--- Data ---
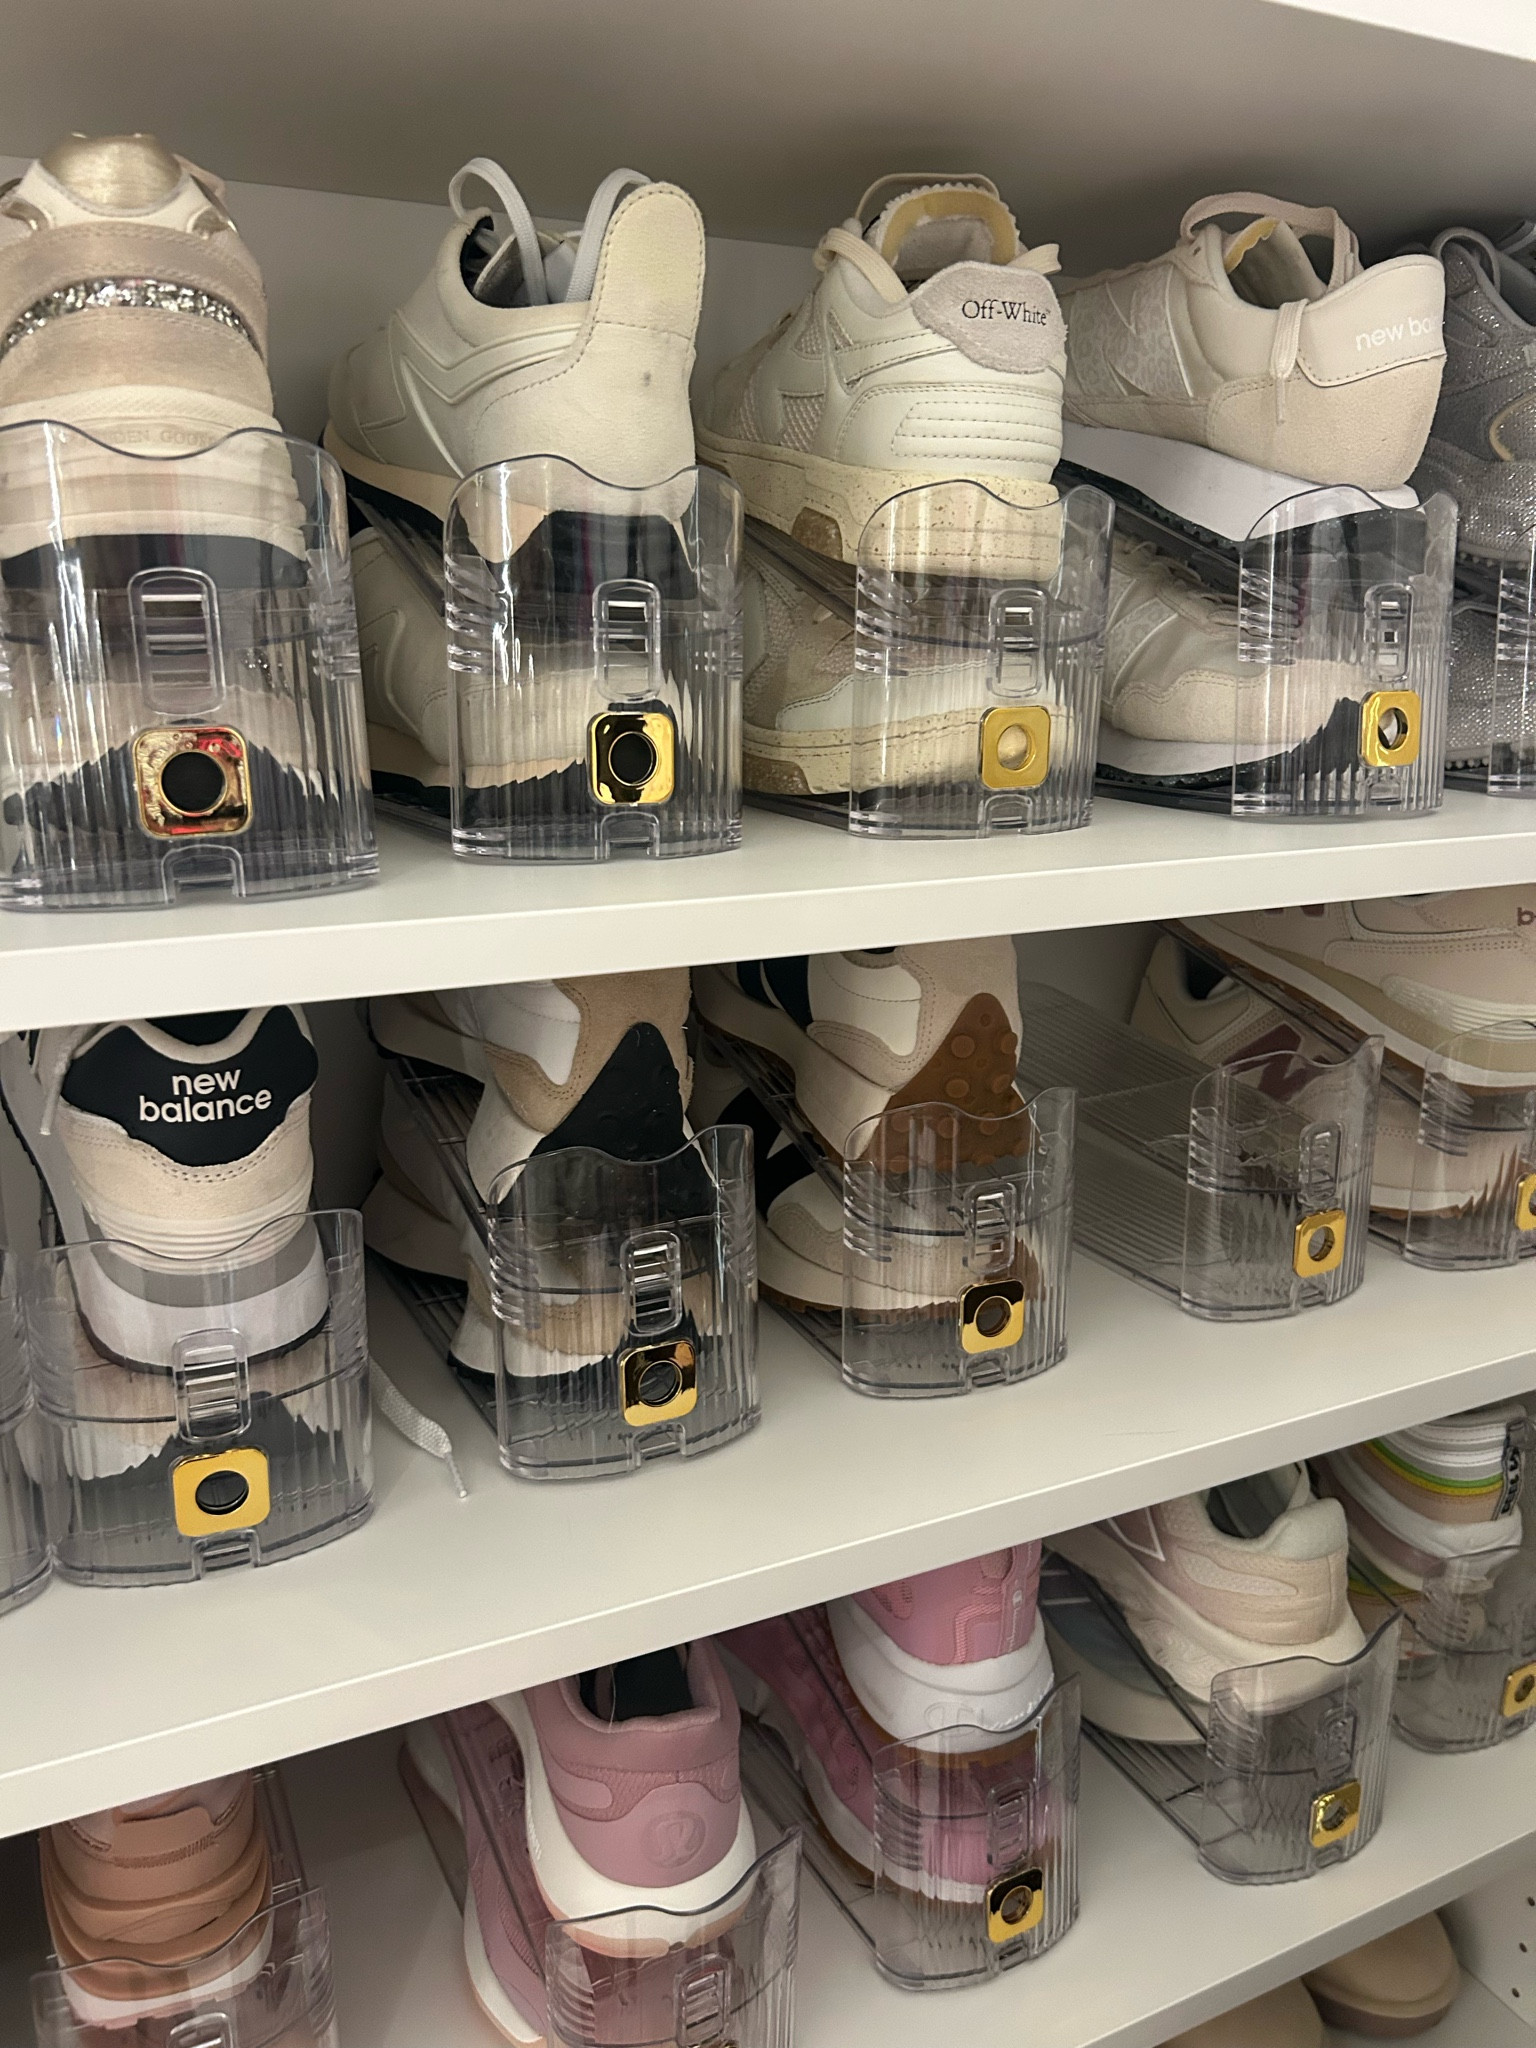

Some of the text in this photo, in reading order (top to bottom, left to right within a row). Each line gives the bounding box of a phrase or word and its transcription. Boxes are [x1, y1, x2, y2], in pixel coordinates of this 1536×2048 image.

[1355, 323, 1404, 351] new
[171, 1069, 241, 1096] new
[139, 1089, 272, 1123] balance
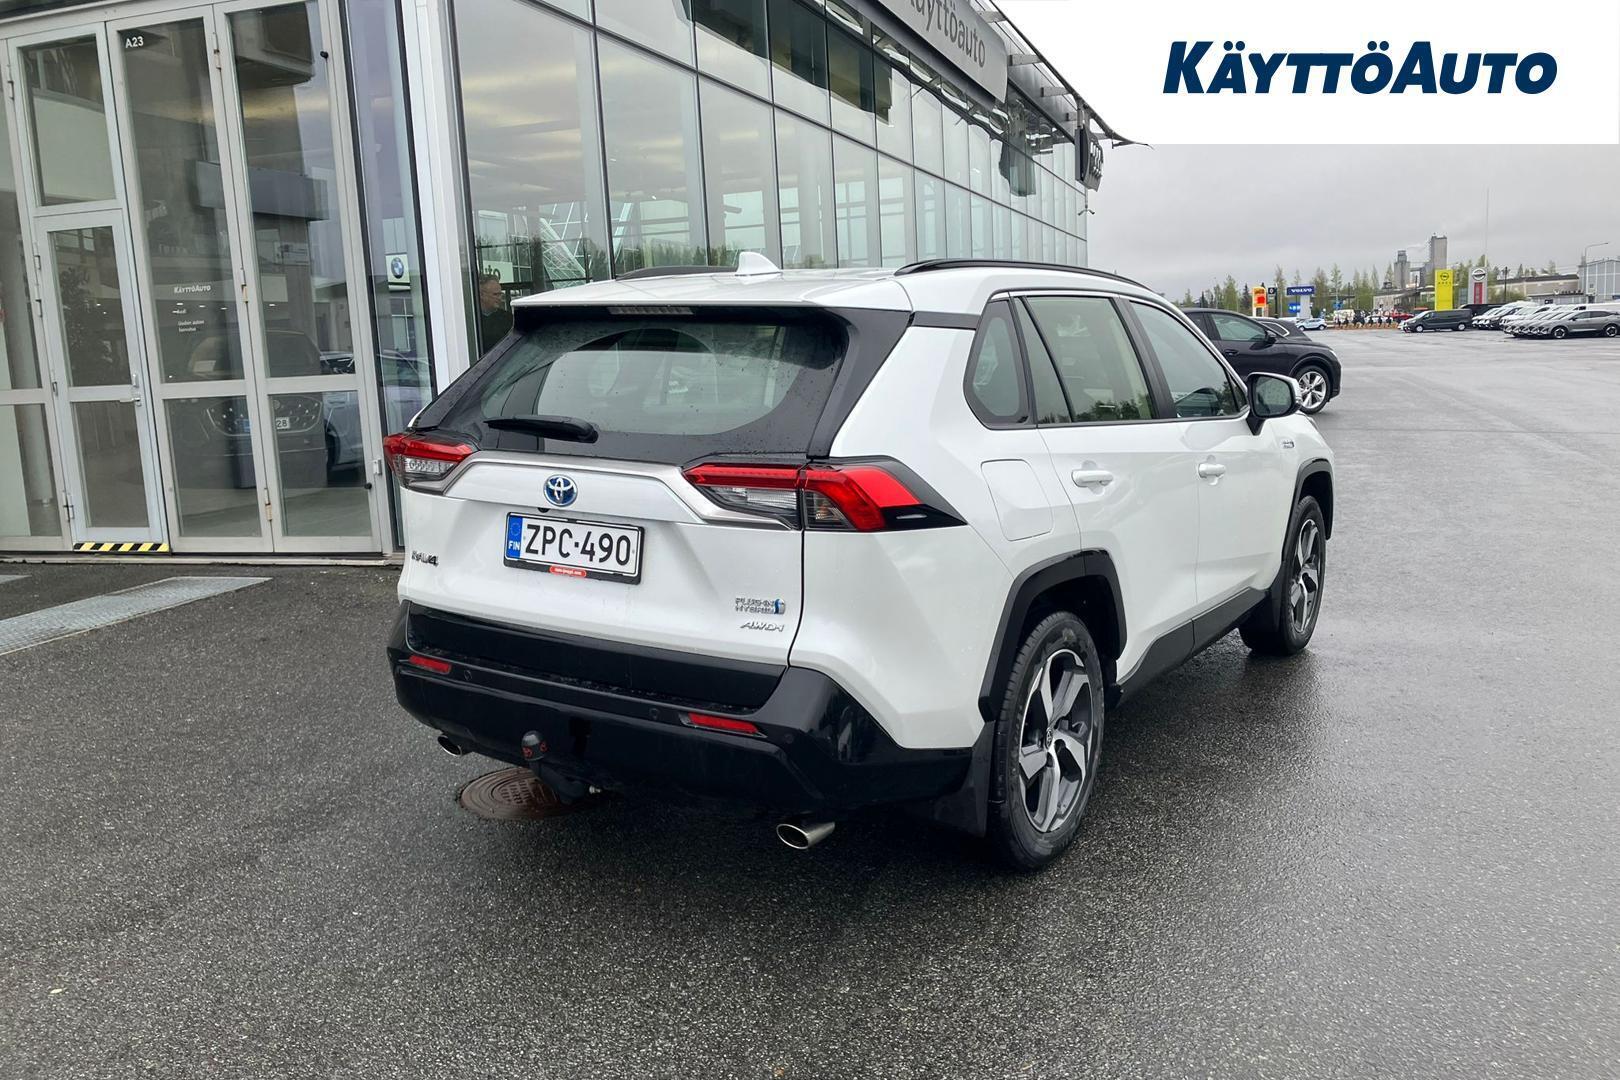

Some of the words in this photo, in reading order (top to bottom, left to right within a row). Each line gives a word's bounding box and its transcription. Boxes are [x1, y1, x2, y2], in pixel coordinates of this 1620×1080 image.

[125, 36, 144, 48] A23
[508, 540, 521, 551] FIN
[525, 523, 632, 566] ZPC-490
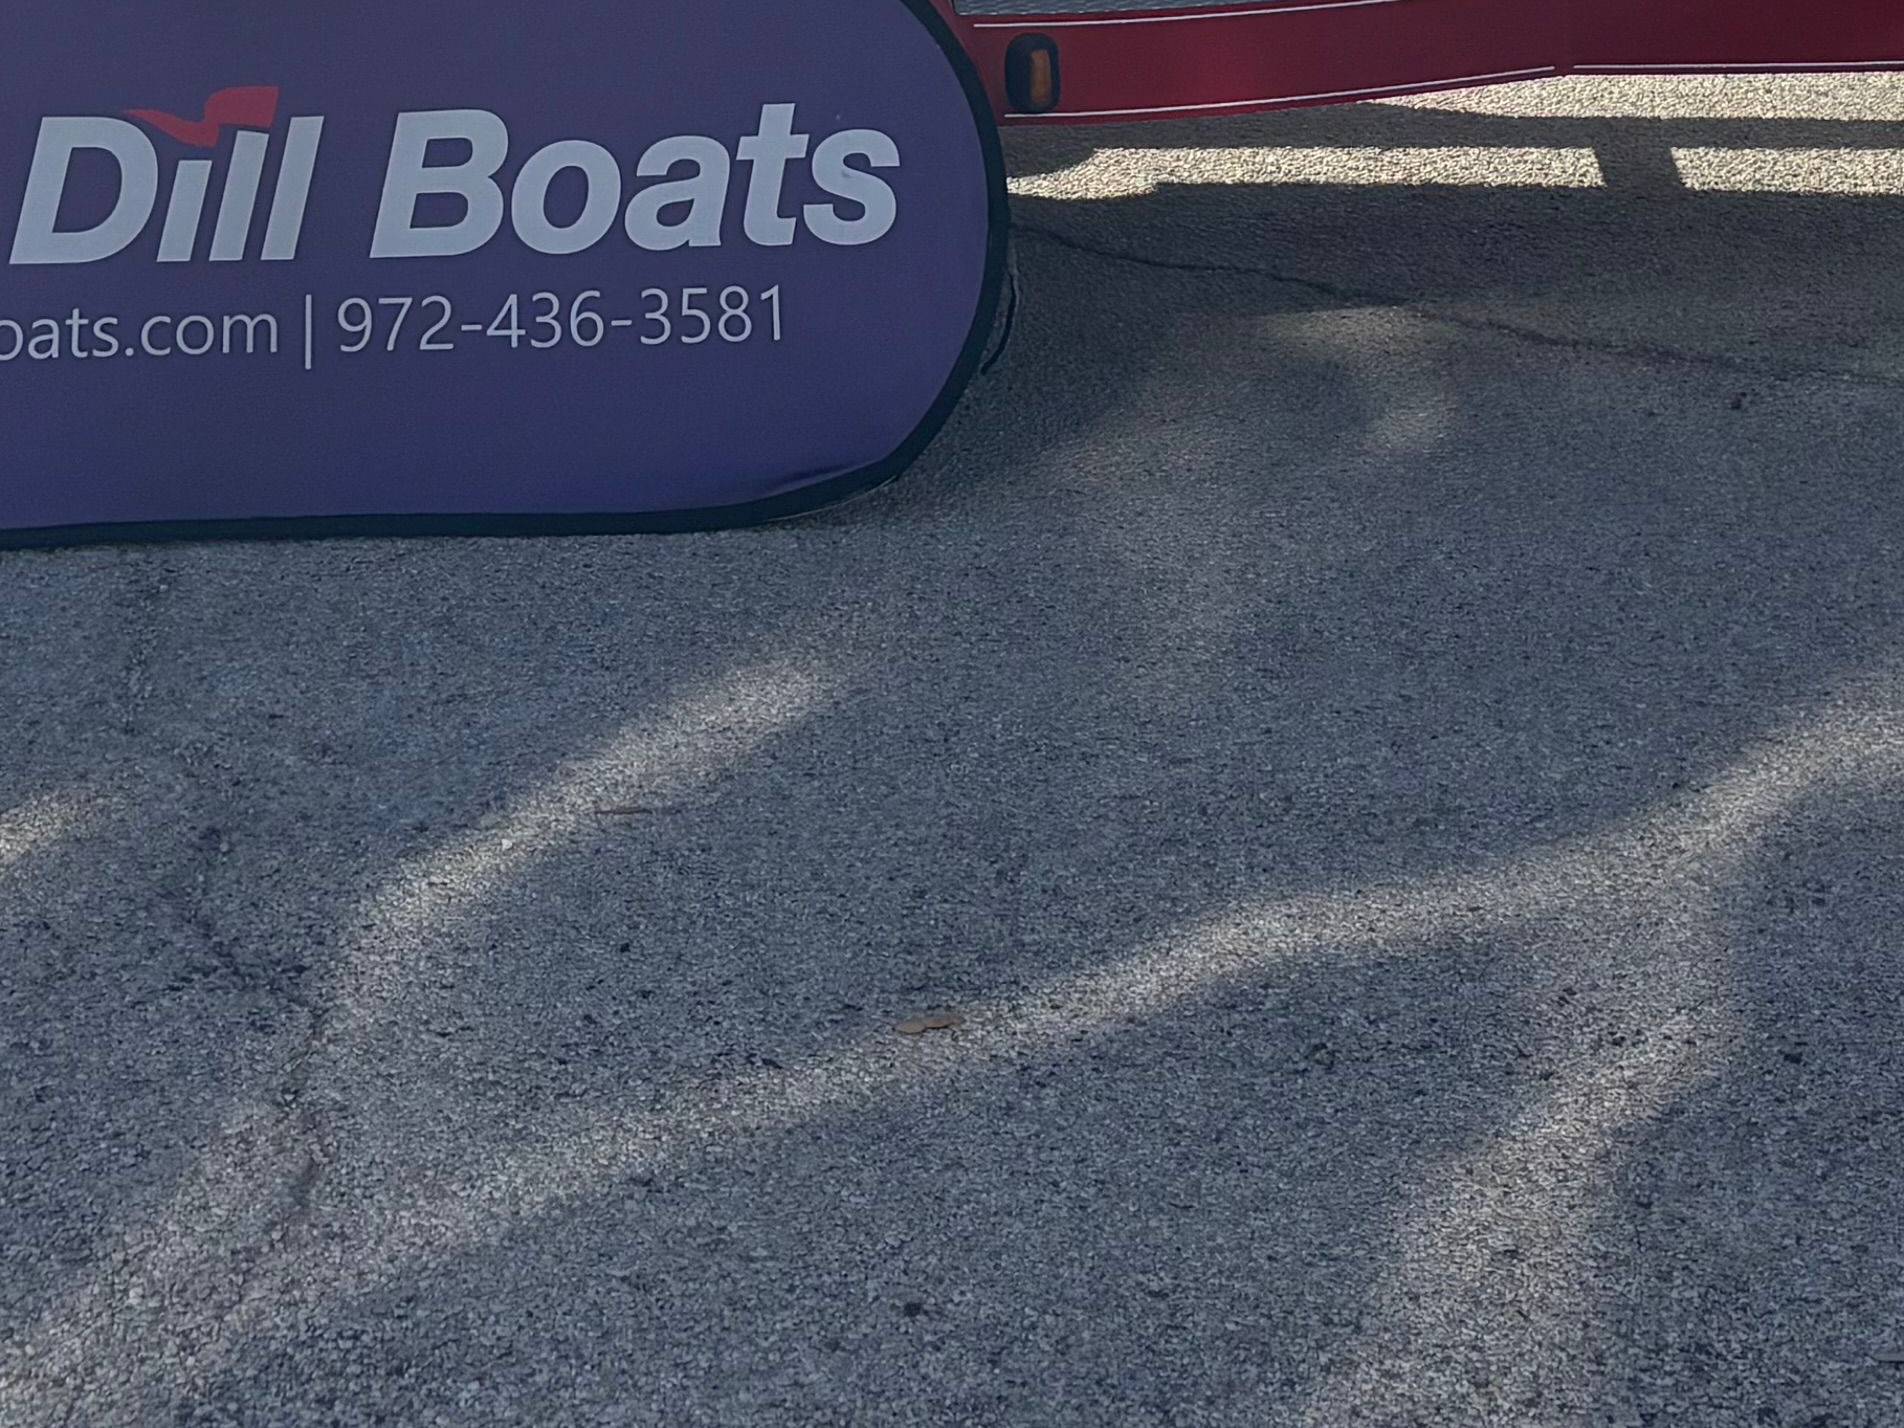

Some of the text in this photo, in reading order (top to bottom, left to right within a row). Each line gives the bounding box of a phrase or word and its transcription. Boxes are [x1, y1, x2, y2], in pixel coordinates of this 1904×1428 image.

[8, 115, 325, 265] Dill
[369, 102, 901, 259] Boats
[336, 284, 783, 353] 972-436-3581

--- Assignment ---
Please write out all of the data verbatim, with no pictures in the copy.

--- Task output ---
Some of the text in this photo, in reading order (top to bottom, left to right within a row). Each line gives the bounding box of a phrase or word and its transcription. Boxes are [x1, y1, x2, y2], in pixel coordinates of this 1536×2048 image.

[1355, 323, 1404, 351] new
[171, 1069, 241, 1096] new
[139, 1089, 272, 1123] balance

Some of the words in this photo, in reading order (top to bottom, left to right within a row). Each line gives a word's bounding box and its transcription. Boxes are [x1, y1, x2, y2], in pixel coordinates of this 1620×1080 image.

[125, 36, 144, 48] A23
[508, 540, 521, 551] FIN
[525, 523, 632, 566] ZPC-490

Some of the text in this photo, in reading order (top to bottom, left to right within a row). Each line gives the bounding box of a phrase or word and its transcription. Boxes are [x1, y1, x2, y2], in pixel coordinates of this 1904×1428 image.

[8, 115, 325, 265] Dill
[369, 102, 901, 259] Boats
[336, 284, 783, 353] 972-436-3581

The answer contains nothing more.